Let’s setup the training and testing data:

def get_mnist_data(train=True):
    mnist_data = datasets.MNIST('../data', train=train, download=True)
    x = mnist_data.data.reshape(-1, 28 * 28).float()
    y = mnist_data.targets
    return x, y

x_train, y_train = get_mnist_data(train=True)
x_test, y_test = get_mnist_data(train=False)

Now that we have the data, let’s start training neural networks.

Define non-Bayesian (Deterministic) Neural Network#

We will reuse our MLP network architecture with different hyperparameters:

First let’s create our point estimate neural network, in other words a standard fully connected MLP. We will define the number of hidden layers dynamically so we can reuse the same class for different depths. We will also add a dropout flag, this will allow us to easily use the same architecture for our BNN.

class MLP(nn.Module):
    def __init__(self, input_dim=1, output_dim=1, hidden_dim=10, n_hidden_layers=1, use_dropout=False):
        super().__init__()

        self.use_dropout = use_dropout
        if use_dropout:
            self.dropout = nn.Dropout(p=0.5)
        self.activation = nn.Tanh()

        # dynamically define architecture
        self.layer_sizes = [input_dim] + n_hidden_layers * [hidden_dim] + [output_dim]
        layer_list = [nn.Linear(self.layer_sizes[idx - 1], self.layer_sizes[idx]) for idx in
                      range(1, len(self.layer_sizes))]
        self.layers = nn.ModuleList(layer_list)

    def forward(self, input):
        hidden = self.activation(self.layers[0](input))
        for layer in self.layers[1:-1]:
            hidden_temp = self.activation(layer(hidden))

            if self.use_dropout:
                hidden_temp = self.dropout(hidden_temp)
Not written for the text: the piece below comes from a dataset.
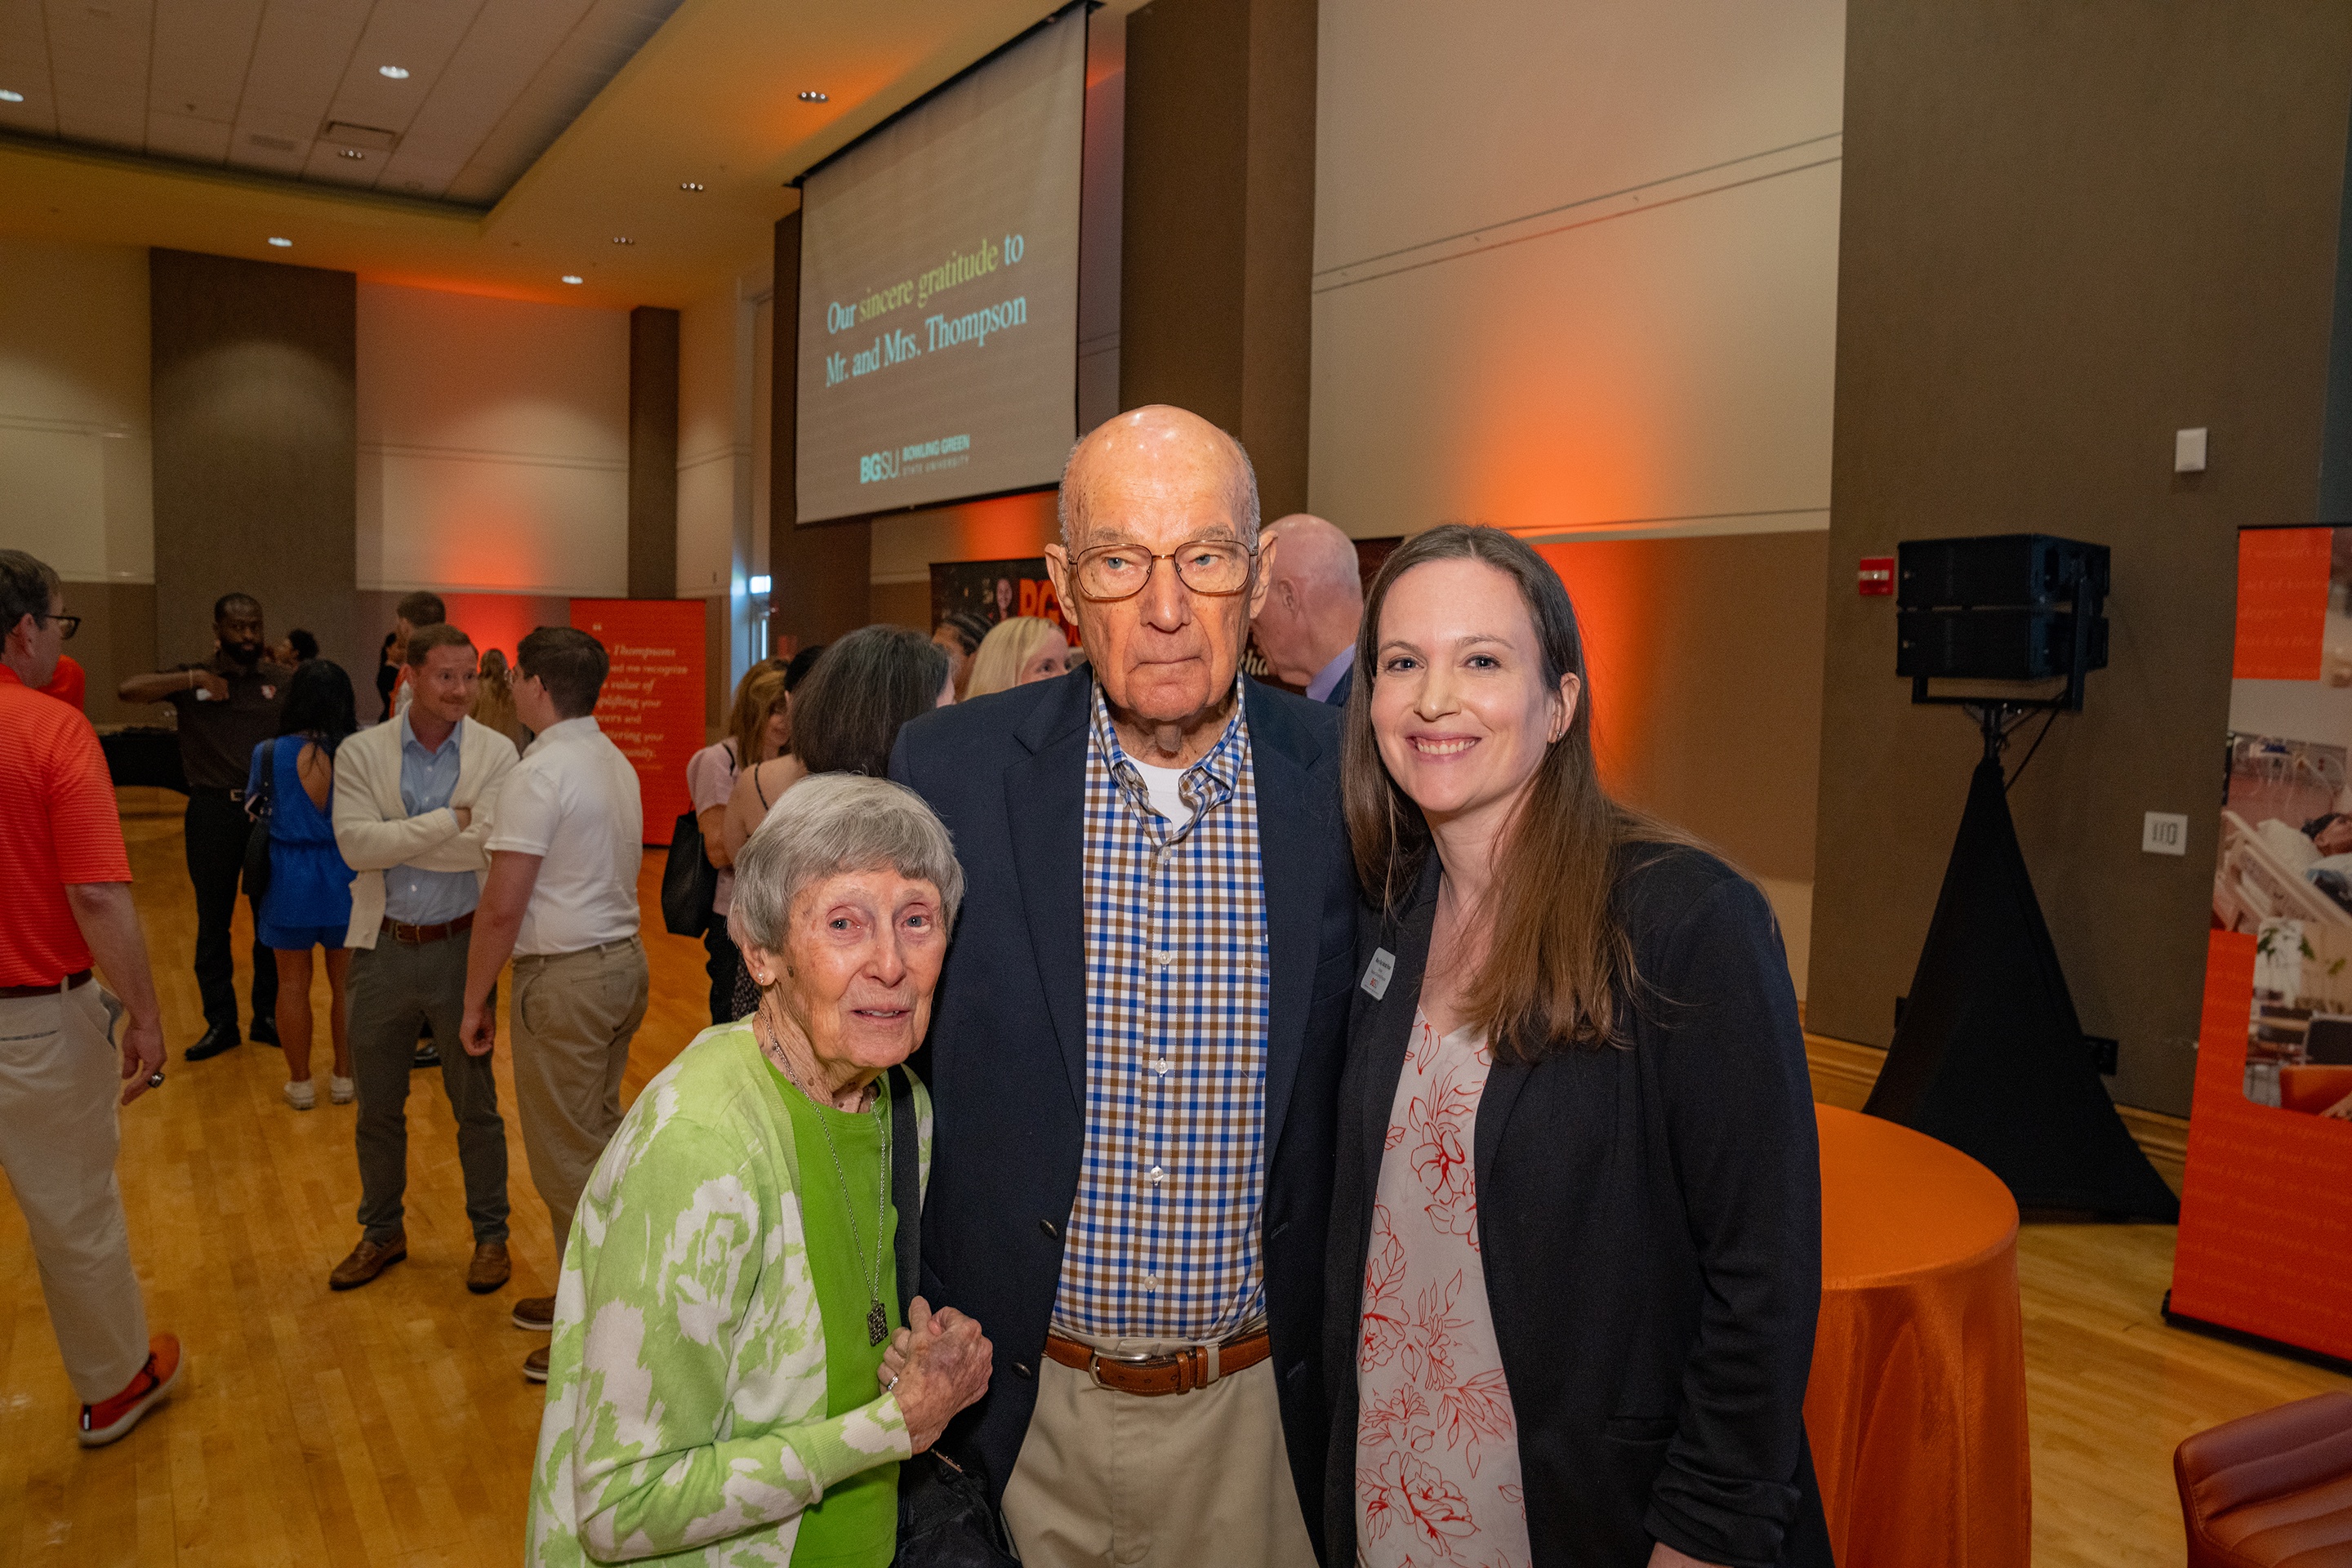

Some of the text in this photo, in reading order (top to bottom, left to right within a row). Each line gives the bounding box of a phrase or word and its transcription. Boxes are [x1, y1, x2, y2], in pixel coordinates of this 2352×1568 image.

[827, 234, 1024, 335] Our sincere gratitude to
[826, 296, 1027, 388] Mr. and Mrs. Thompson
[860, 450, 900, 484] BGSU
[902, 433, 970, 462] BOWLING GREEN
            hidden = hidden_temp + hidden  # residual connection

        output_mean = self.layers[-1](hidden).squeeze()
        return output_mean

Problem 1: Deterministic Neural Network#

net = MLP(input_dim=784, output_dim=10, hidden_dim=30, n_hidden_layers=3)

Training#

def train_on_mnist(net):
    x_train, y_train = get_mnist_data(train=True)
    optimizer = torch.optim.Adam(params=net.parameters(), lr=1e-4)
    criterion = nn.CrossEntropyLoss()
    batch_size = 250

    progress_bar = trange(20)
    for _ in progress_bar:
        for batch_idx in range(int(x_train.shape[0] / batch_size)):
            batch_low, batch_high = batch_idx * batch_size, (batch_idx + 1) * batch_size
            optimizer.zero_grad()
            loss = criterion(target=y_train[batch_low:batch_high], input=net(x_train[batch_low:batch_high]))
            progress_bar.set_postfix(loss=f'{loss / batch_size:.3f}')
            loss.backward()
            optimizer.step()
    return net

net = train_on_mnist(net)

Testing#

def accuracy(targets, predictions):
  return (targets == predictions).sum() / targets.shape[0]
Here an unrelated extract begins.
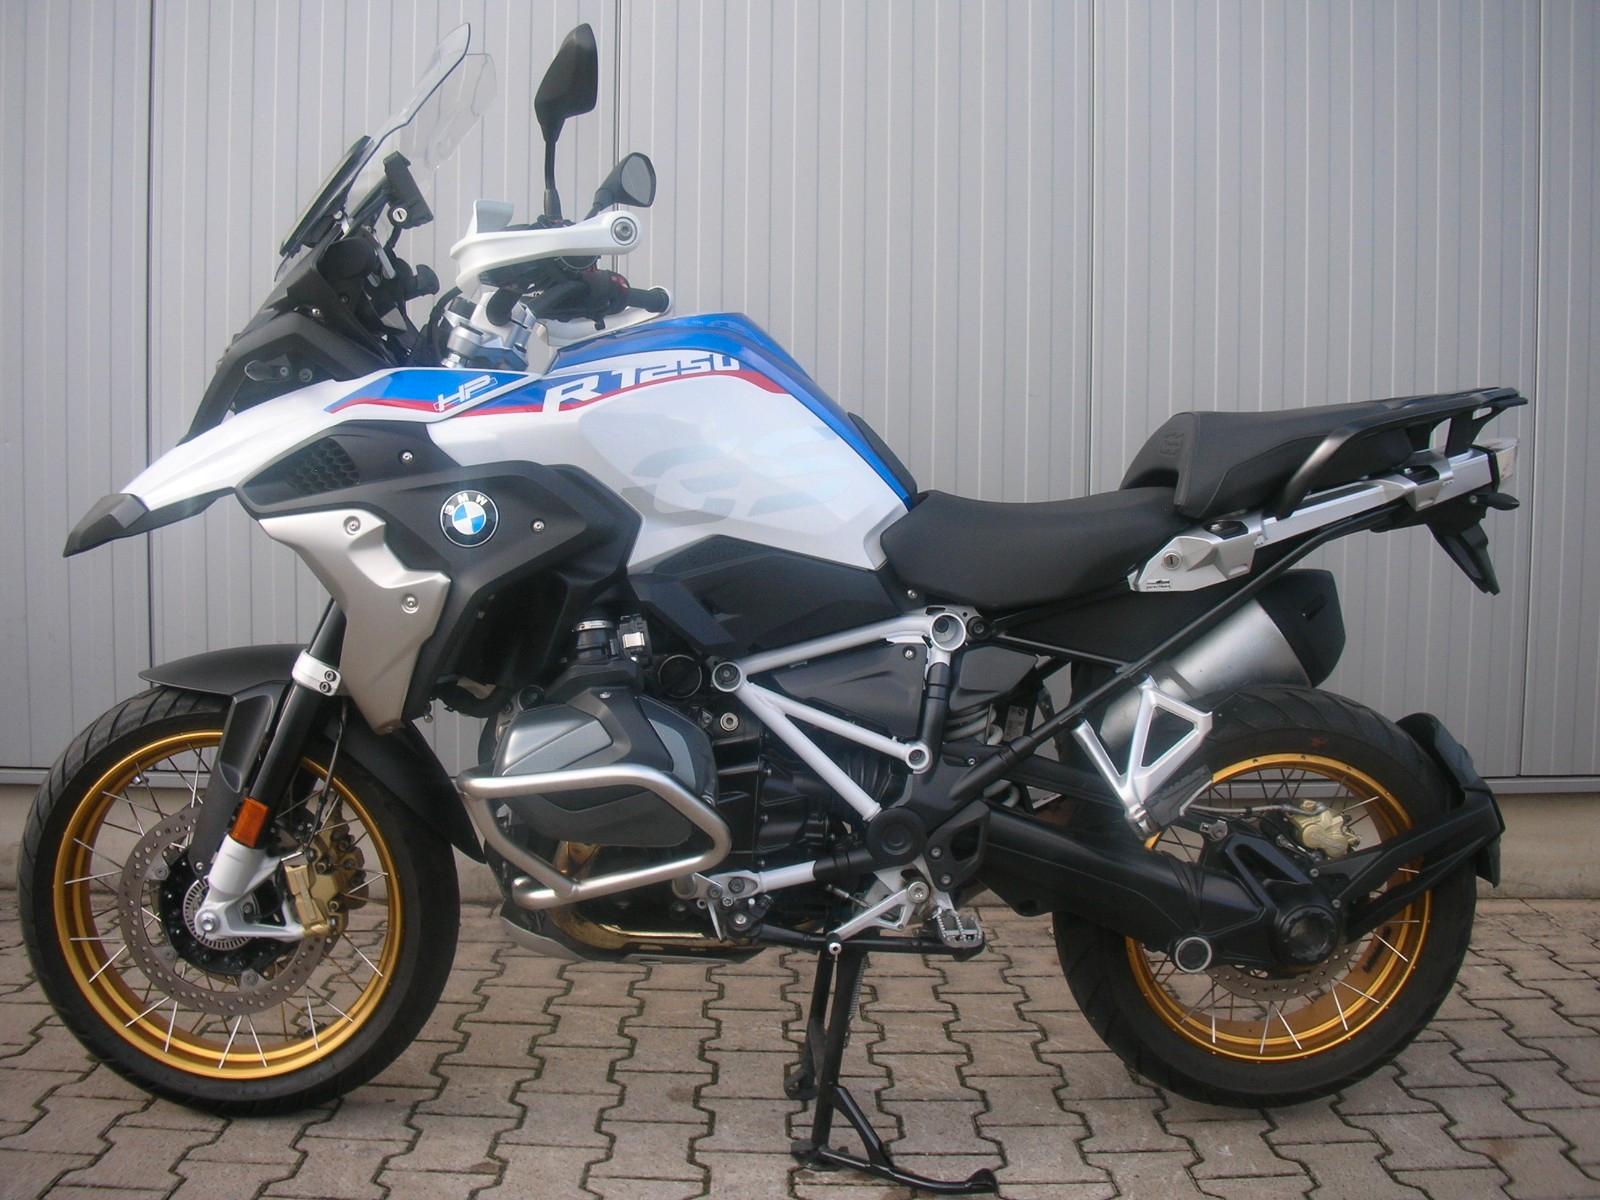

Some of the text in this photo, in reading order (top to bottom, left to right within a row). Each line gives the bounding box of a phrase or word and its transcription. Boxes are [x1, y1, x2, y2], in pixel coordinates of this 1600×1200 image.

[433, 375, 498, 412] HP
[542, 374, 602, 413] R
[444, 492, 489, 516] BMW
def evaluate_accuracy_on_mnist(net):
    test_data = get_mnist_data(train=False)
    x_test, y_test = test_data
    net.eval()
    y_preds = net(x_test).argmax(1)
    acc = accuracy(y_test, y_preds)
    print("Test accuracy is %.2f%%" % (acc.item() * 100))

evaluate_accuracy_on_mnist(net)

Rotating the Images#

Now let’s compute predictive entropy on some rotated images…

First we will generate the rotated images with an increasing rotation angle from the test images. We use a subset of the MNIST test set for evaluation:

def get_mnist_test_subset(n_test_images):
    mnist_test = datasets.MNIST('../data', train=False, download=True)
    x = mnist_test.data[:n_test_images].float()
    y = mnist_test.targets[:n_test_images]
    return x, y

n_test_images = 100
x_test_subset, y_test_subset = get_mnist_test_subset(n_test_images=n_test_images)

rotation_angles = [3 * i for i in range(0, 31)] # use angles from 0 to 90 degrees
rotated_images = [rotate(x_test_subset, angle).reshape(-1, 28 * 28) for angle in rotation_angles]

Evaluating on the Rotated Images#

y_preds_deterministic = [softmax(net(images), dim=-1) for images in rotated_images]

The information entropy \(H\) of a probability distribution \(p\) over a discrete random variable \(X\) with possible outcomes \(x_1, \ldots, x_N\), occuring with probabilities \(p(x_i) := p_i\) is given by:

\[ \Large H(p) = - \sum_{i=1}^{N} p_i \log p_i \]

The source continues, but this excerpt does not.